I am scheduled for cataract surgery on Monday (two days from now) and do not have a way to talk my surgeon until Monday morning.  So, here is an attempt to get some more information before then.  
I am 68, in very good health, at the beginning of "retirement" and need to be able to drive and read (a lot) and work at my computer. The cataract in the left eye is pretty bothersome, the right eye might need its cataract removed for years yet.
I have fairly severe myopia with astigmatism and the two eyes are quite different.  I first began wearing glasses about age 12, and was unaware before then that I needed glasses.  For many years, at least 20 years, I have been aware that optometrists were undercorrecting my left eye in glasses prescriptions because of the large difference in image size when the left eye (about -11 something) was (more?) fully corrected. The right eye glasses Rx is about -9 something (maybe -8.75). In the last 10 or 15 years, the term "lazy eye" has been used for the left eye.  I can see to read without glasses with the right eye at about 5.5 - 6 inches from the eye, and about 3.5 inches from the left eye.  The two images differ in size and in line breadth (darker and larger with the left eye.)
The surgeon's choice of IOL for the left eye is monofocal, and he expects only about 20/60 to 20/80 correction after implanation for the left eye.  That seems like very little help to me, and will leave a large difference between the eyes with a contact lens for the right eye, and eventually a toric lense IOL for the right eye that will attempt 20/20 distance vision for that eye.  Does the ability to read with the left eye mean that my optical cortex is capable of supporting a better correction than proposed?
Given that I can read (at all) with left eye, should I be able to get better correction than 20/60 to 20/80 (If so, how)?  What might I expect for reading ability in the left eye after the proposed IOL?
And I was hoping to be able to resolve some of my issues with poor depth perception/uncertainty about how far things are from me (sidewalks, steps, knives, objects I am trying pick up, paper I am trying to cut, etc.)  Seems like those won't get better and might even get worse?  I'm considering delaying the surgery (at the last minute) to give myself some more time to explore the possible results of IOLs with contacts.  How much would I learn from doing that?
Toric lens.  The surgeon says I am a good candidate for a toric lens (both eyes), but he anticipates such a low amount of correction for the left eye that his final chart note says it would not help me in that eye.  Glare has been a problem for me in the complex glasses I have worn for years, so I have always paid for premium anti-glare coatings, as well the thinnest plastic possible multi-focal lenses, and "adds" to help focus for reading and computer use.
To recap: 1. Could the correction for my left eye be better than the surgeon expects, and how? 2. Would a toric lens for the left eye likely help, or maybe even hinder? 3. Is experimentation with contact lenses worth delaying the surgery, or is there nothing more to be gained? 4. I'm thinking I may need both contacts and progressive or bifocal glasses even after IOLs and wondering if resolution between the two eyes will actually be better, or even more difficult than it is now. (One can always put on a pair of glasses and take them off, but contacts are much more fuss and need clean conditions for placement and removal, and cannot come out willy-nilly.)  
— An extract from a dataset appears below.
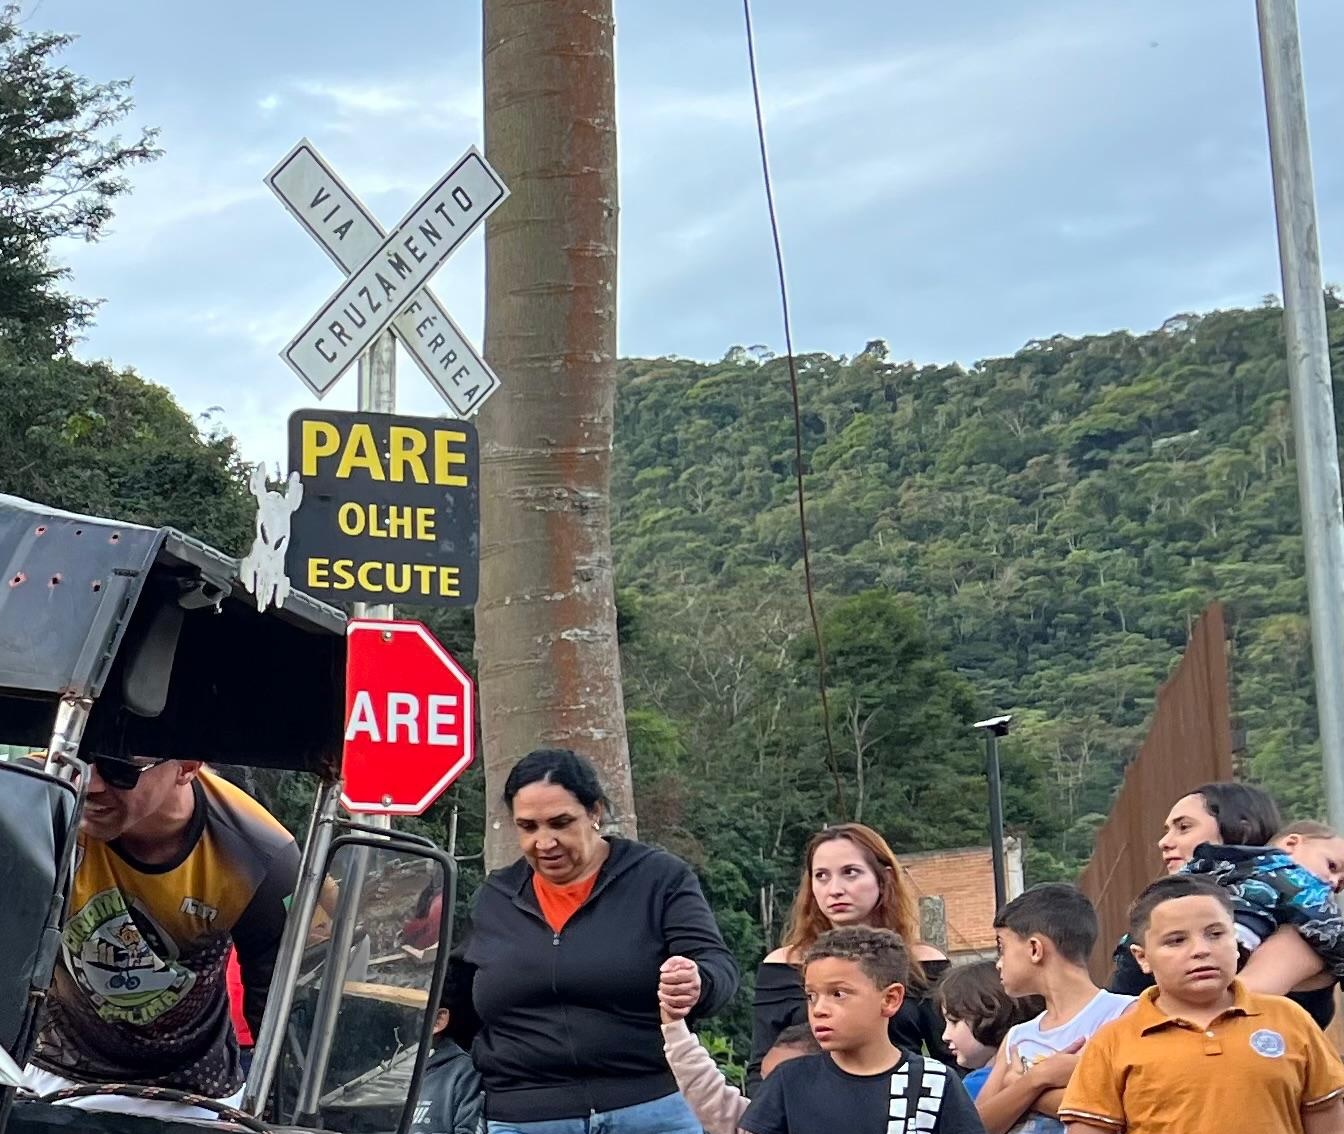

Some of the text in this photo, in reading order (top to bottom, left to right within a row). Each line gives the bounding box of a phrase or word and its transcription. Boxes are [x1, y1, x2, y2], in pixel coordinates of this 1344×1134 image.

I have tried the first attempt with a soft contact for the right eye (-8.25, I believe), intended to be for after surgery on the left eye.  It was too strong and a second, with less correction (-7.5, toric) is on order and will not be available to try until after the surgery (unless I balk and delay the surgery.)
3 Responses
177275 tn?1511758844
This is a generalization. Cataract surgery is elective. It can always be rescheduled or postponed. This forum is full of people that rushed into cataract IOL surgery not understanding things like risks, costs, IOL types.  It is not good to be scheduled for cataract surgery on Monday and be trolling the internet on Saturday night looking for information that you and your surgeon should have discussed in great detail.

The article that I wrote (see link and also its on the bottom of this page under Today's Pulse click on the blue dots) was written to try and help people understand all the variables. The discussion indicates that many people wish they had taken more time to consider their options. Consider postponing your surgery until you have your questions answered and you have a better understanding of the options.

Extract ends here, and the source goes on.